• **Problem requirements**
Only lines, not pictures: please repeat exactly the lines from the one with "this 1600×1200 image." through the end of the listing.

• **Entries shown**
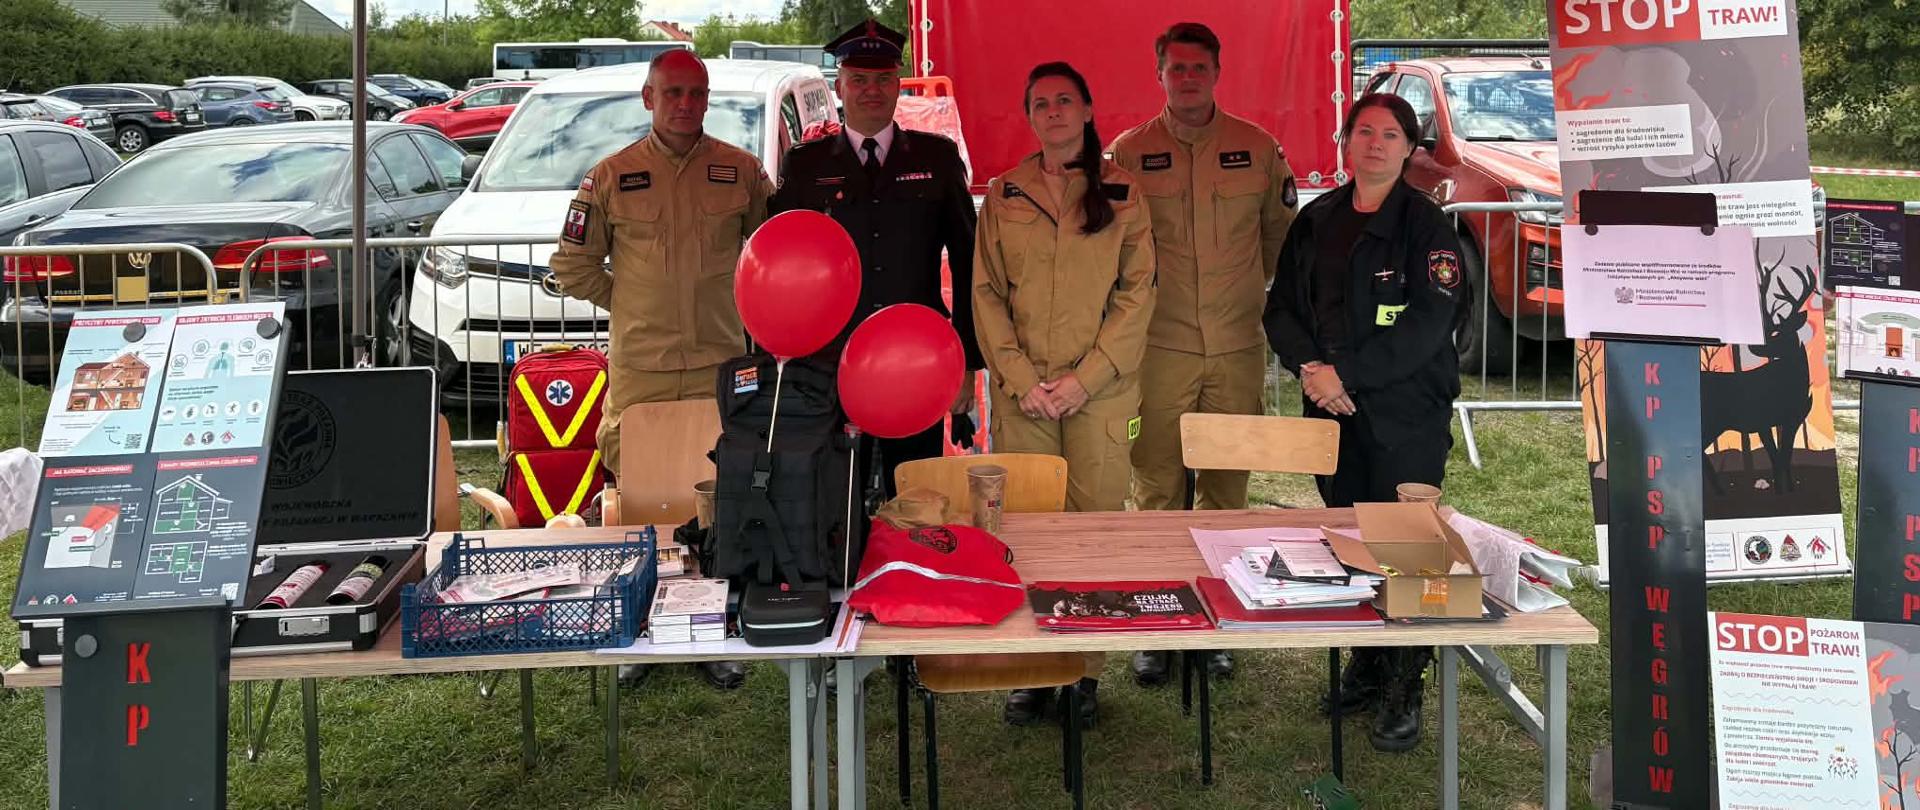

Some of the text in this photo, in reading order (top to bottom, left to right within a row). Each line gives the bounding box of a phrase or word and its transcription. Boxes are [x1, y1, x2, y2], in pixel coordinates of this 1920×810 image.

[1565, 0, 1690, 34] STOP
[1708, 6, 1777, 26] TRAW!
[1647, 454, 1665, 551] PSP
[1718, 622, 1805, 653] STOP
[1810, 627, 1860, 641] POŻAROM
[1811, 642, 1860, 658] TRAW!
[127, 641, 152, 747] KP
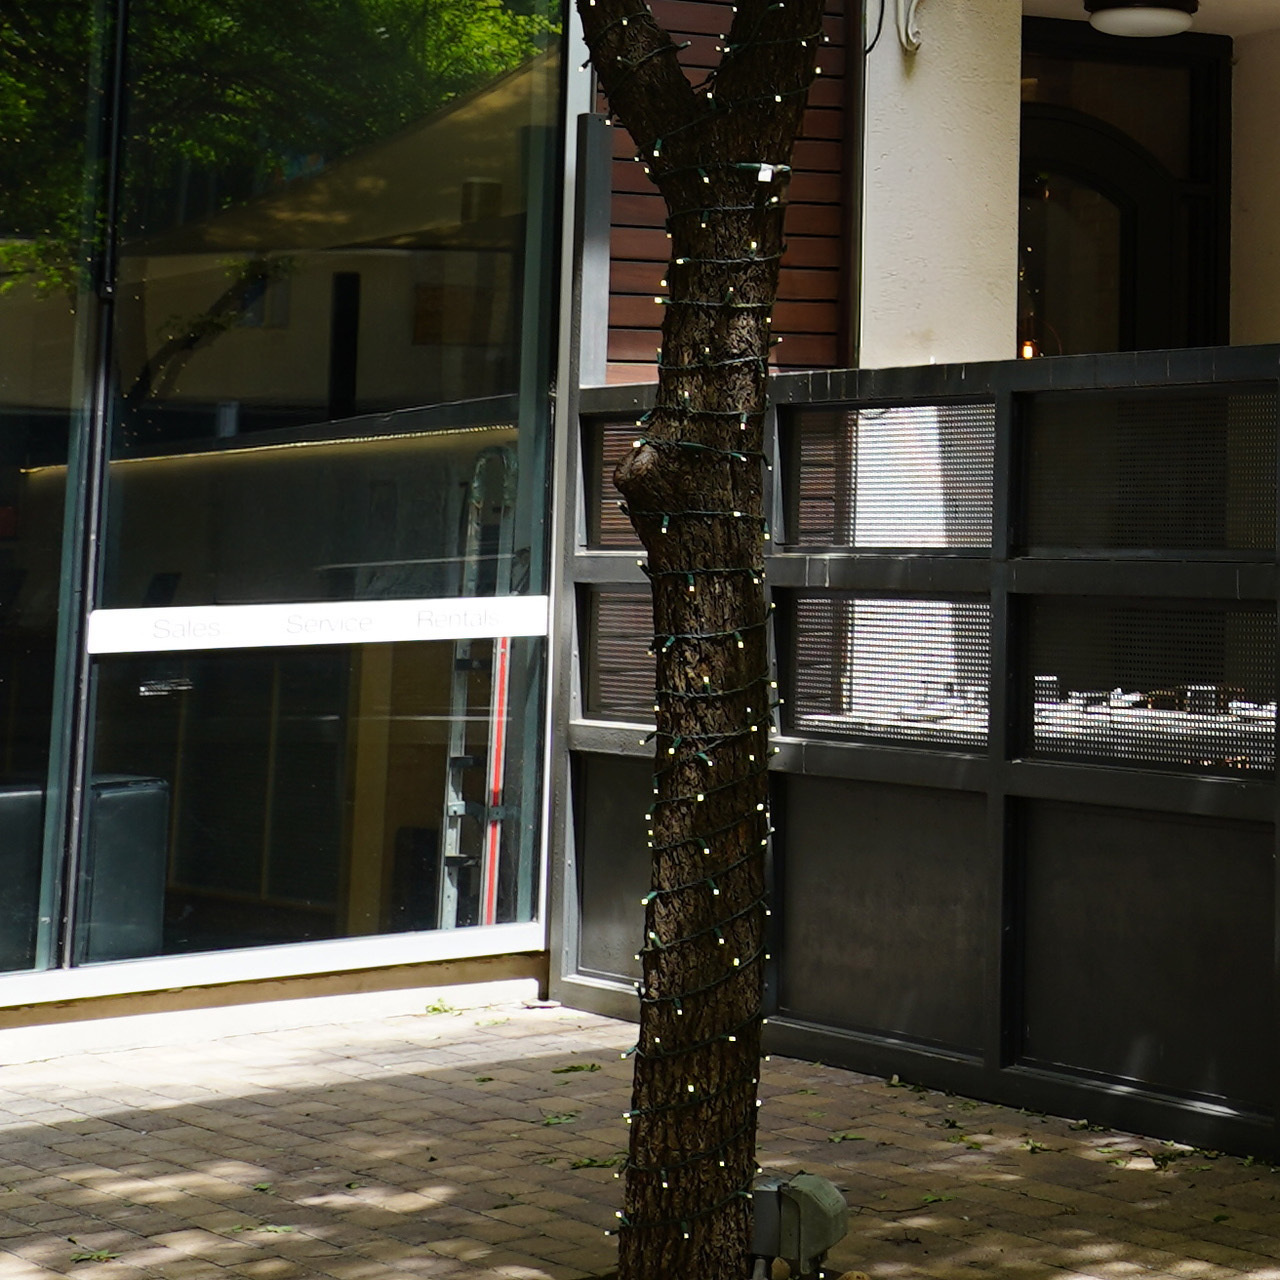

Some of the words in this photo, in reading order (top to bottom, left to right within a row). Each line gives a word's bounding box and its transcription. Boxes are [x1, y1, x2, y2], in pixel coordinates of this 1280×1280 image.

[153, 618, 221, 639] Sales
[286, 613, 373, 634] Service
[416, 607, 500, 628] Rentals
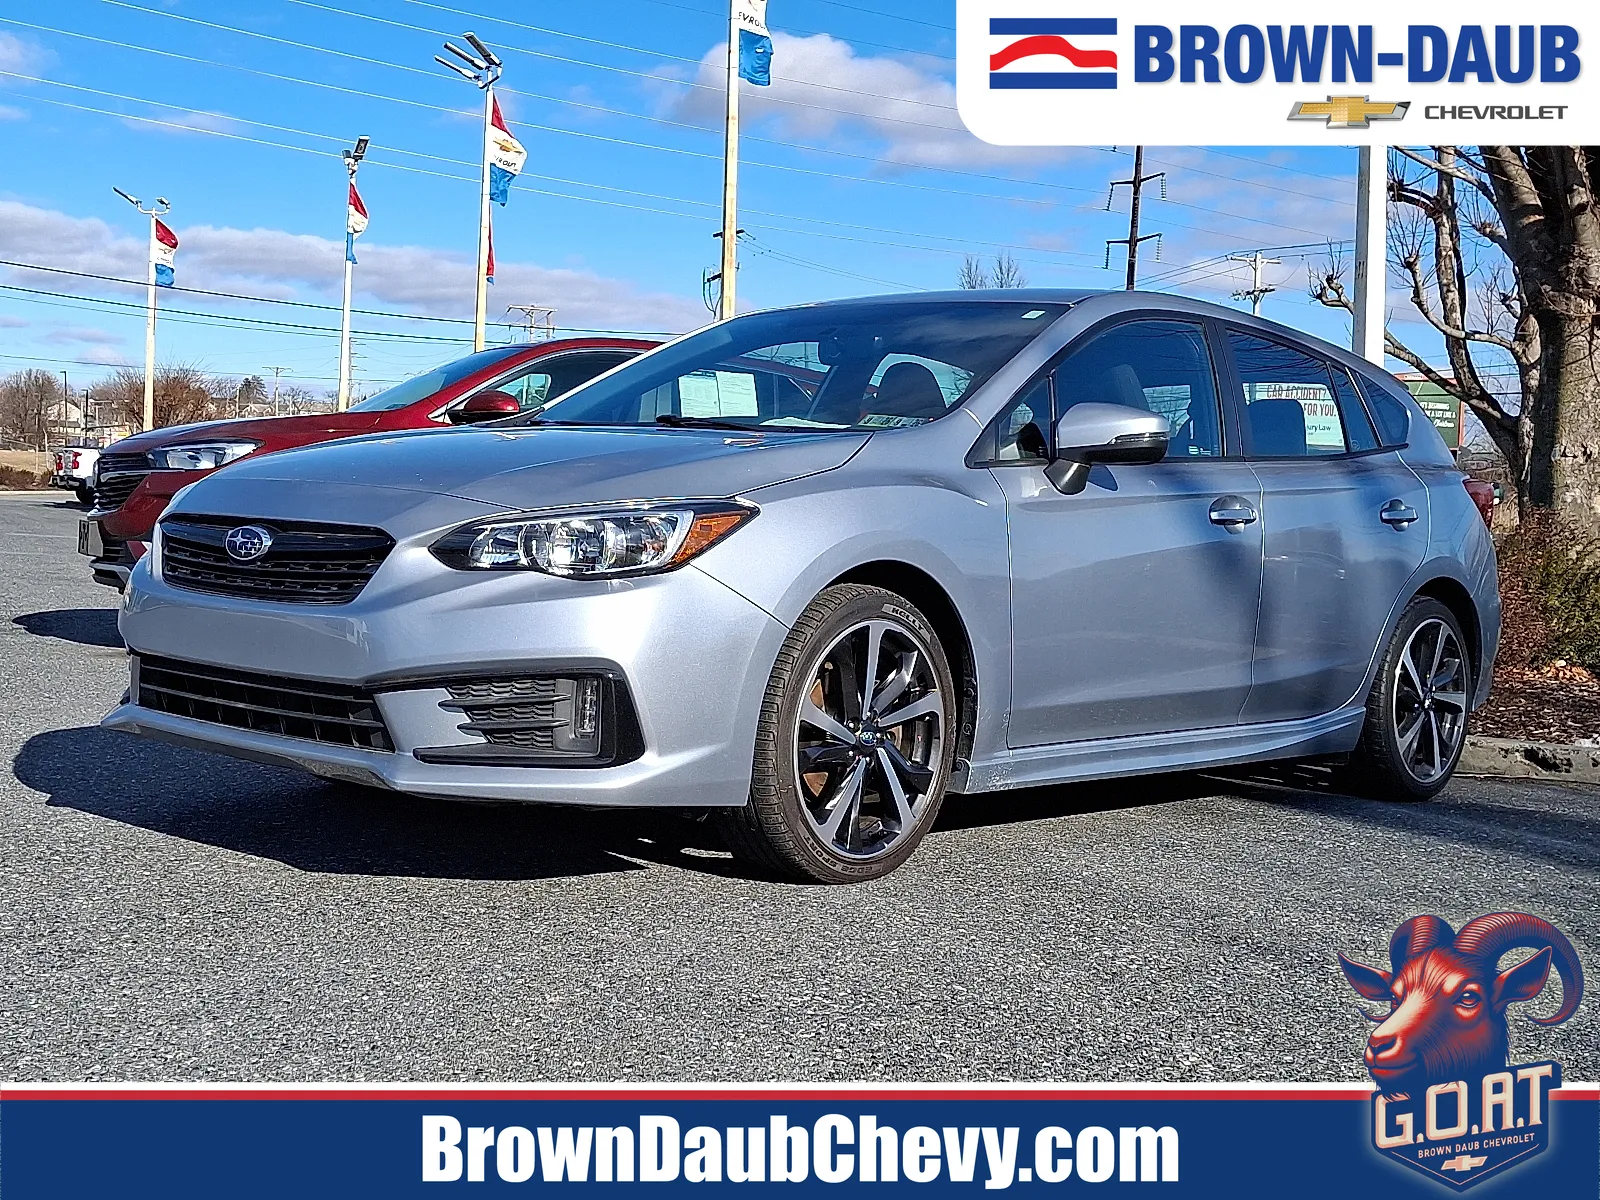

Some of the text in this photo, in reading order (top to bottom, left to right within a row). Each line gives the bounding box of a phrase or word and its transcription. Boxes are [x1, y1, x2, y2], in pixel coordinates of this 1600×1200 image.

[1267, 384, 1284, 399] CAR
[1304, 402, 1337, 418] FOR YOU.
[891, 607, 924, 631] KELLY
[803, 834, 838, 868] SPORT
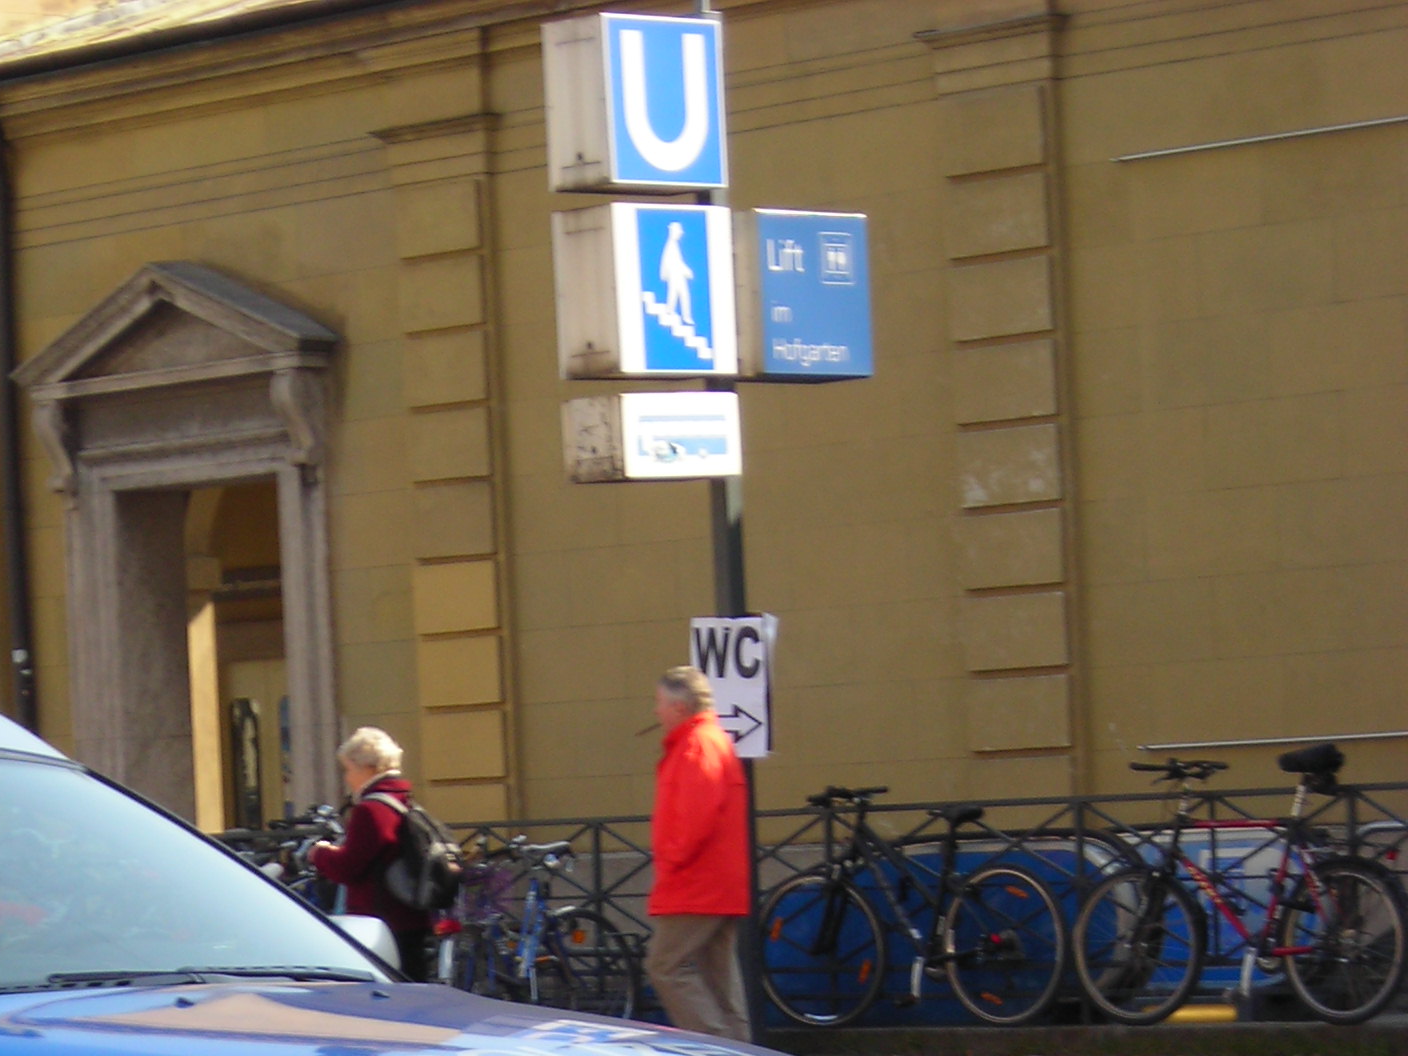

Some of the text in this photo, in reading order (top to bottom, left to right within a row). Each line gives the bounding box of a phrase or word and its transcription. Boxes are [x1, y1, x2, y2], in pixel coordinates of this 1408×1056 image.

[619, 29, 710, 172] U
[766, 239, 805, 273] Lift
[770, 300, 792, 322] im
[693, 626, 761, 678] WC
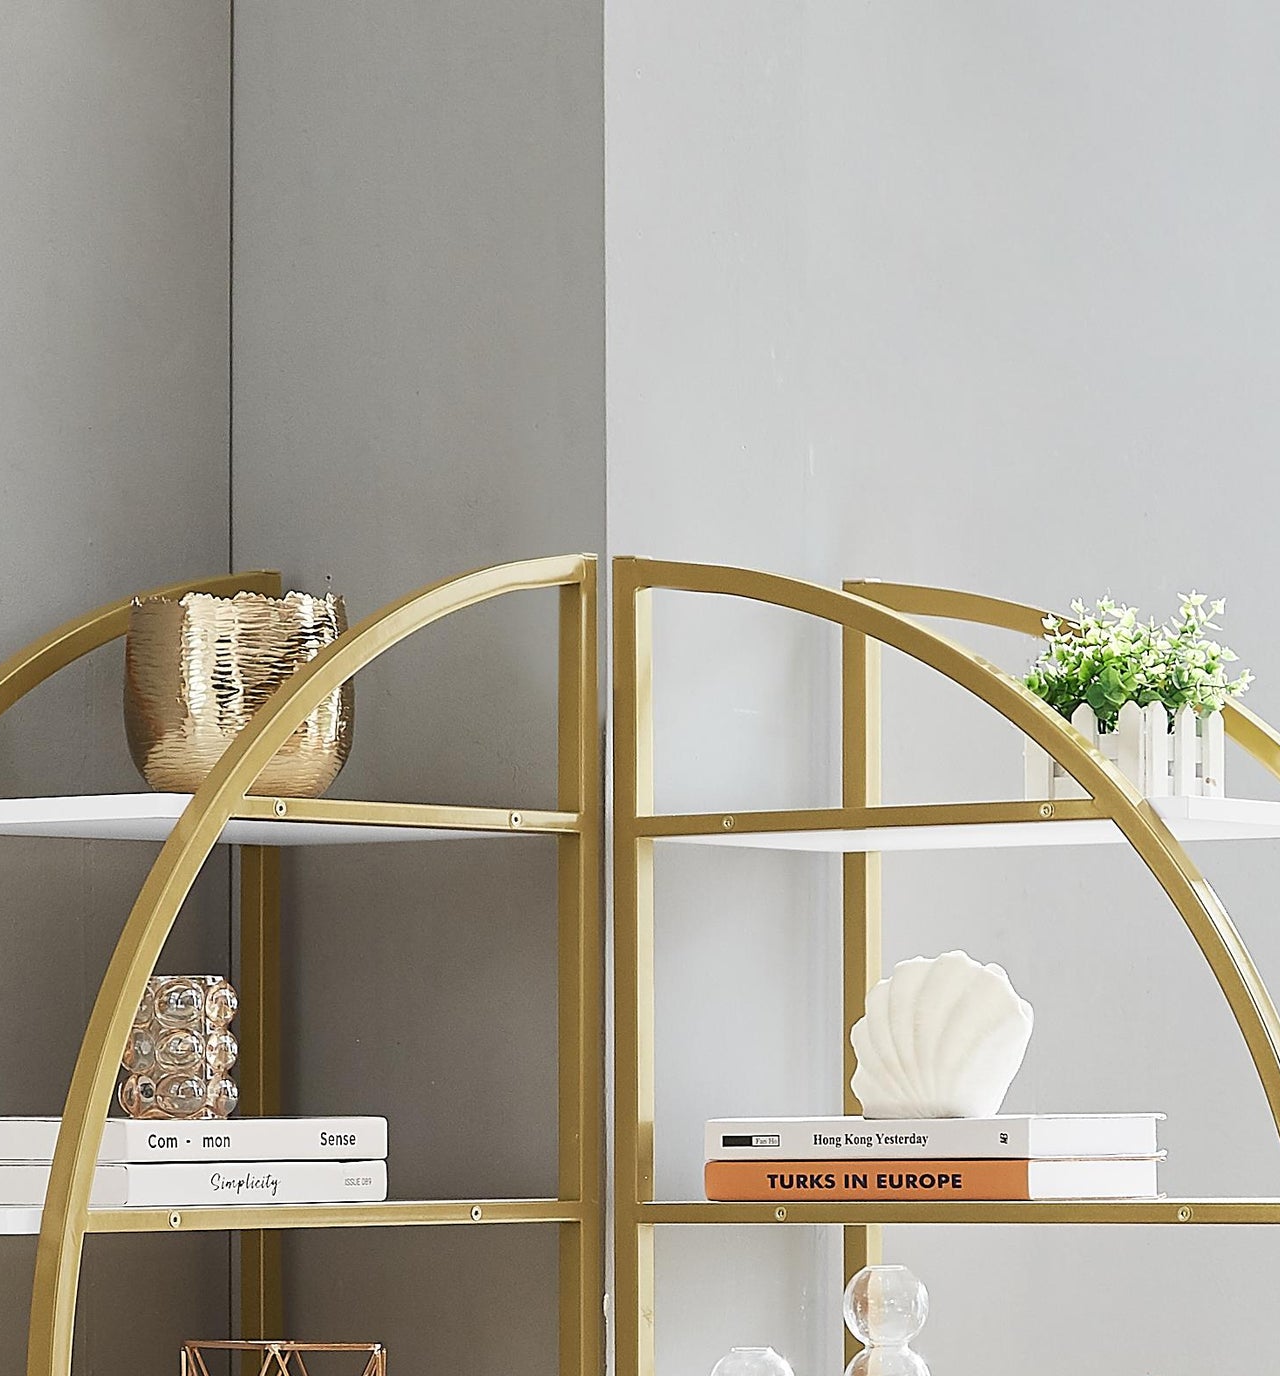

• **Exercise answer**
Some of the text in this photo, in reading order (top to bottom, left to right within a row). Each line gives the bounding box of a phrase or word and its transcription. Boxes are [x1, y1, x2, y2], in pixel coordinates of this 1600×1200 image.

[1267, 384, 1284, 399] CAR
[1304, 402, 1337, 418] FOR YOU.
[891, 607, 924, 631] KELLY
[803, 834, 838, 868] SPORT

Some of the text in this photo, in reading order (top to bottom, left to right within a row). Each line gives the bounding box of a phrase or word and its transcription. Boxes are [x1, y1, x2, y2], in pixel coordinates of this 1408×1056 image.

[619, 29, 710, 172] U
[766, 239, 805, 273] Lift
[770, 300, 792, 322] im
[693, 626, 761, 678] WC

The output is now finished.